*HOW TO COMPLETE THIS TASK*:
Output each record exactly as given. Leave out every picture.

++++++++++

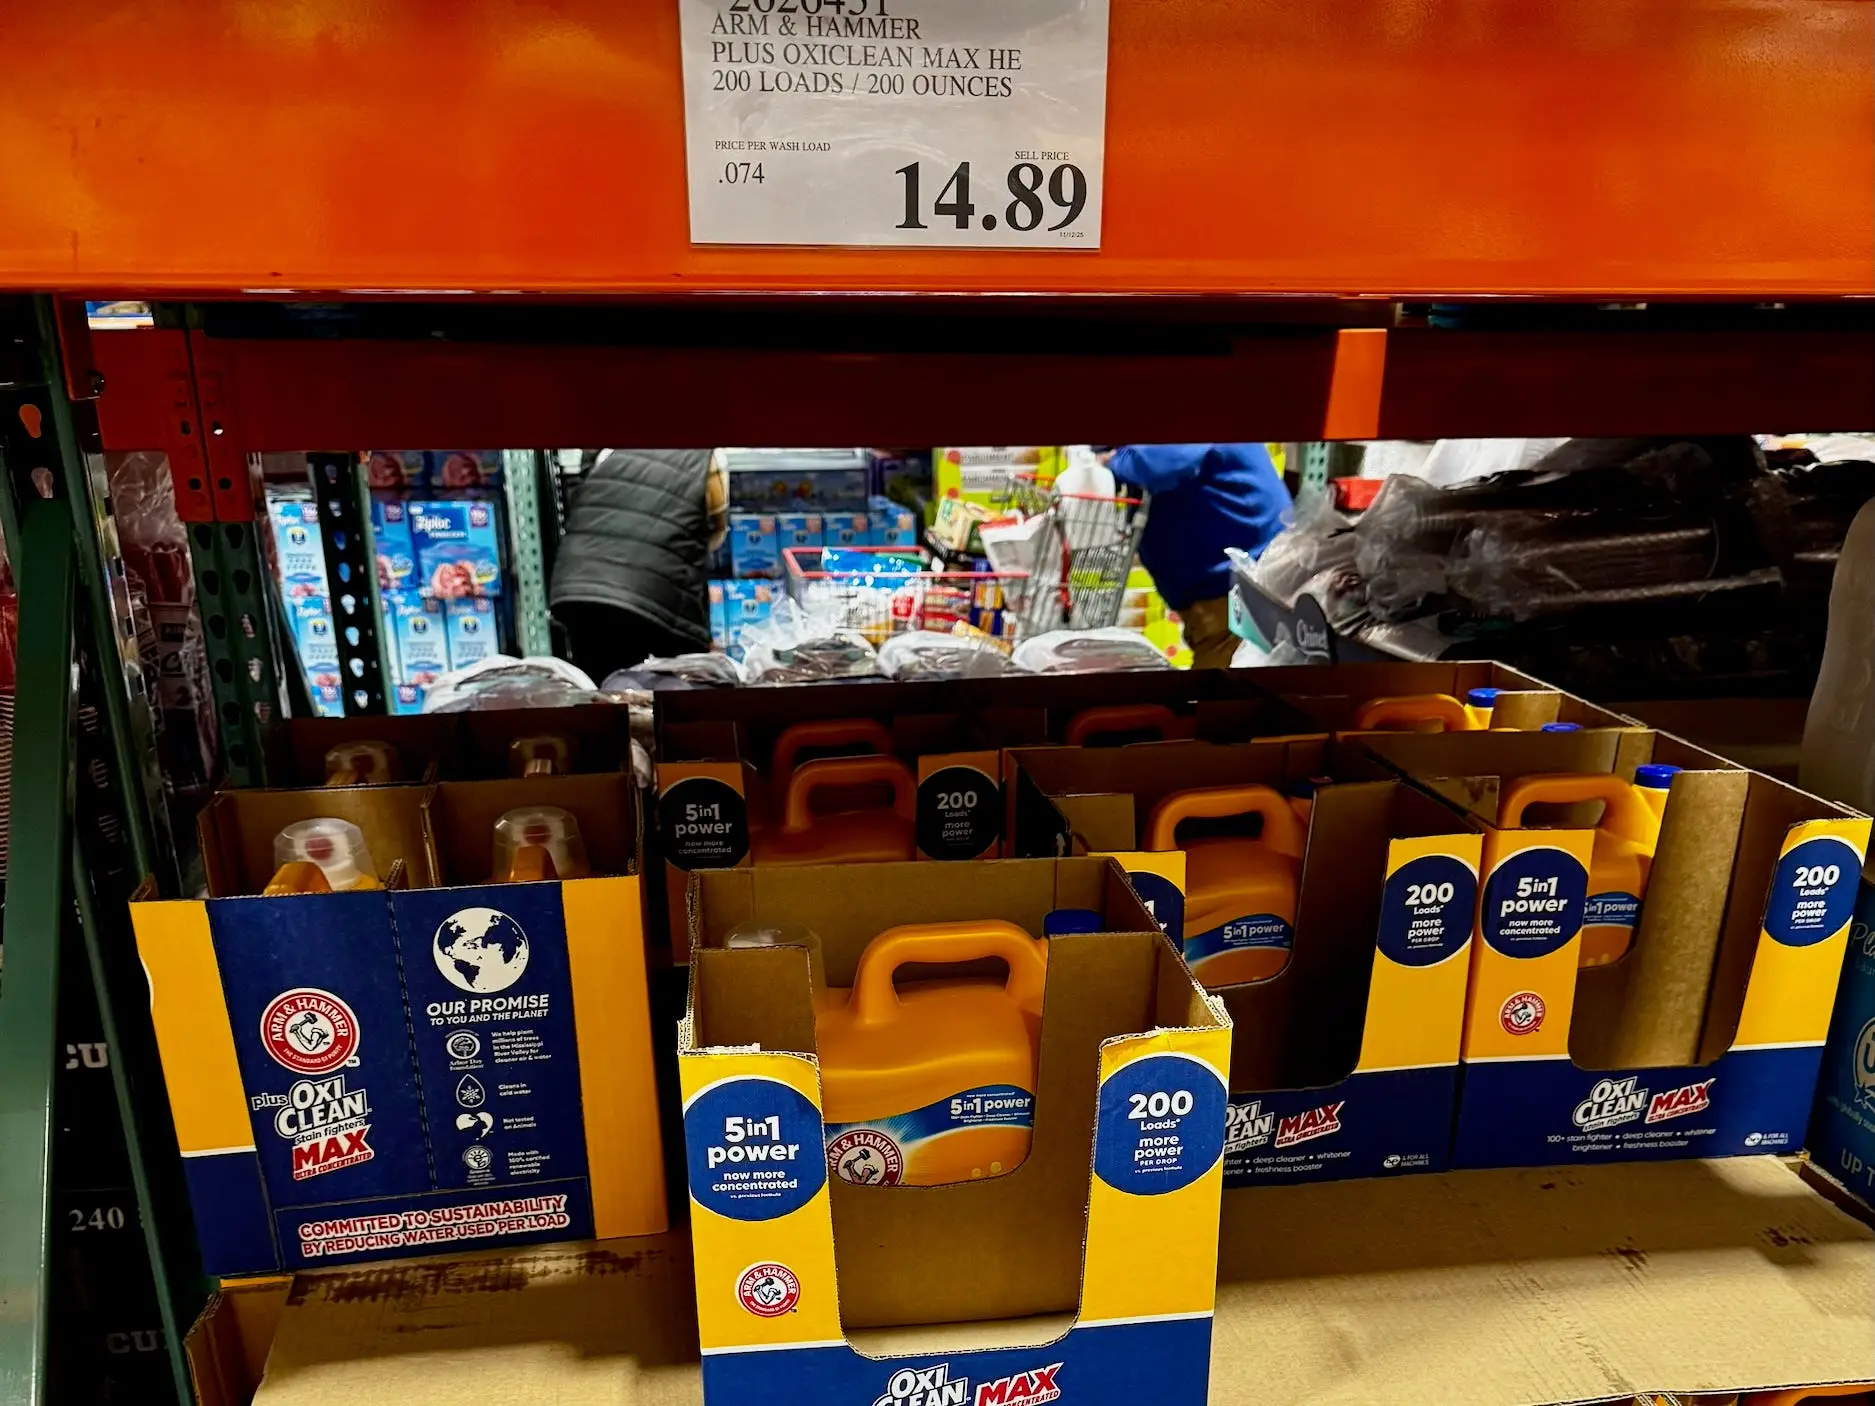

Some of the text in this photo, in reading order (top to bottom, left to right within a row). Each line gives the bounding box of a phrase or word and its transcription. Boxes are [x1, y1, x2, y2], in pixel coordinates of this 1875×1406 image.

[711, 13, 922, 40] ARM & HAMMER
[711, 41, 1022, 71] PLUS OXICLEAN MAX HE
[713, 69, 1013, 98] 200 LOADS / 200 OUNCES
[715, 140, 831, 152] PRICE PER WASH LOAD
[1014, 151, 1070, 161] SELL PRICE
[718, 161, 765, 184] .074
[895, 161, 1087, 232] 14.89
[685, 802, 721, 822] 5in1
[936, 791, 978, 810] 200
[674, 822, 734, 840] power
[941, 828, 974, 839] power
[944, 821, 971, 830] more
[1516, 876, 1559, 898] 5in1
[1792, 864, 1840, 888] 200
[1404, 882, 1455, 906] 200
[1796, 900, 1826, 909] more
[1500, 899, 1568, 918] power
[1603, 903, 1638, 914] power
[1791, 908, 1828, 920] power
[1223, 924, 1285, 939] 5in1 power
[1407, 927, 1445, 940] power
[1411, 918, 1442, 929] more
[1499, 925, 1561, 936] concentrated
[426, 994, 550, 1017] OUR PROMISE
[430, 1008, 549, 1026] TO YOU AND THE PLANET
[271, 998, 350, 1042] ARM & HAMMER
[251, 1075, 344, 1110] plus OXI
[1592, 1078, 1635, 1104] OXI
[1650, 1081, 1710, 1115] MAX
[277, 1091, 367, 1137] CLEAN
[950, 1097, 1031, 1115] 5in1 power
[1127, 1089, 1194, 1120] 200
[1573, 1090, 1646, 1125] CLEAN
[295, 1117, 366, 1145] stain fighters
[724, 1115, 780, 1143] 5in1
[1278, 1101, 1342, 1138] MAX
[1139, 1135, 1180, 1148] more
[1566, 1133, 1586, 1142] stain
[1586, 1132, 1613, 1143] fighter
[1622, 1132, 1643, 1141] deep
[1644, 1130, 1673, 1139] cleaner
[1684, 1128, 1717, 1138] whitener
[1572, 1138, 1689, 1152] brightener freshness booster
[293, 1128, 369, 1172] MAX
[707, 1144, 800, 1169] power
[829, 1133, 899, 1172] RM & HAMMER
[1134, 1145, 1184, 1162] power
[1155, 1157, 1178, 1165] DROP
[1253, 1156, 1275, 1165] deep
[1276, 1154, 1306, 1163] cleaner
[1317, 1150, 1352, 1160] whitener
[1841, 1147, 1863, 1174] UP
[294, 1152, 372, 1179] ULTRA CONCENTRATED
[723, 1170, 786, 1181] now more
[1255, 1165, 1292, 1174] freshness
[1293, 1163, 1323, 1173] booster
[711, 1178, 798, 1192] concentrated
[68, 1206, 125, 1231] 240
[299, 1195, 568, 1239] COMMITTED TO SUSTAINABILITY
[302, 1212, 570, 1257] BY REDUCING WATER USED PER LOAD
[743, 1267, 797, 1297] ARM & HAMMER
[889, 1364, 947, 1400] OXI
[978, 1365, 1061, 1406] MAX

++++++++++

*SOLUTION*:
Some of the text in this photo, in reading order (top to bottom, left to right within a row). Each line gives the bounding box of a phrase or word and its transcription. Boxes are [x1, y1, x2, y2], in pixel coordinates of this 1875×1406 image.

[711, 13, 922, 40] ARM & HAMMER
[711, 41, 1022, 71] PLUS OXICLEAN MAX HE
[713, 69, 1013, 98] 200 LOADS / 200 OUNCES
[715, 140, 831, 152] PRICE PER WASH LOAD
[1014, 151, 1070, 161] SELL PRICE
[718, 161, 765, 184] .074
[895, 161, 1087, 232] 14.89
[685, 802, 721, 822] 5in1
[936, 791, 978, 810] 200
[674, 822, 734, 840] power
[941, 828, 974, 839] power
[944, 821, 971, 830] more
[1516, 876, 1559, 898] 5in1
[1792, 864, 1840, 888] 200
[1404, 882, 1455, 906] 200
[1796, 900, 1826, 909] more
[1500, 899, 1568, 918] power
[1603, 903, 1638, 914] power
[1791, 908, 1828, 920] power
[1223, 924, 1285, 939] 5in1 power
[1407, 927, 1445, 940] power
[1411, 918, 1442, 929] more
[1499, 925, 1561, 936] concentrated
[426, 994, 550, 1017] OUR PROMISE
[430, 1008, 549, 1026] TO YOU AND THE PLANET
[271, 998, 350, 1042] ARM & HAMMER
[251, 1075, 344, 1110] plus OXI
[1592, 1078, 1635, 1104] OXI
[1650, 1081, 1710, 1115] MAX
[277, 1091, 367, 1137] CLEAN
[950, 1097, 1031, 1115] 5in1 power
[1127, 1089, 1194, 1120] 200
[1573, 1090, 1646, 1125] CLEAN
[295, 1117, 366, 1145] stain fighters
[724, 1115, 780, 1143] 5in1
[1278, 1101, 1342, 1138] MAX
[1139, 1135, 1180, 1148] more
[1566, 1133, 1586, 1142] stain
[1586, 1132, 1613, 1143] fighter
[1622, 1132, 1643, 1141] deep
[1644, 1130, 1673, 1139] cleaner
[1684, 1128, 1717, 1138] whitener
[1572, 1138, 1689, 1152] brightener freshness booster
[293, 1128, 369, 1172] MAX
[707, 1144, 800, 1169] power
[829, 1133, 899, 1172] RM & HAMMER
[1134, 1145, 1184, 1162] power
[1155, 1157, 1178, 1165] DROP
[1253, 1156, 1275, 1165] deep
[1276, 1154, 1306, 1163] cleaner
[1317, 1150, 1352, 1160] whitener
[1841, 1147, 1863, 1174] UP
[294, 1152, 372, 1179] ULTRA CONCENTRATED
[723, 1170, 786, 1181] now more
[1255, 1165, 1292, 1174] freshness
[1293, 1163, 1323, 1173] booster
[711, 1178, 798, 1192] concentrated
[68, 1206, 125, 1231] 240
[299, 1195, 568, 1239] COMMITTED TO SUSTAINABILITY
[302, 1212, 570, 1257] BY REDUCING WATER USED PER LOAD
[743, 1267, 797, 1297] ARM & HAMMER
[889, 1364, 947, 1400] OXI
[978, 1365, 1061, 1406] MAX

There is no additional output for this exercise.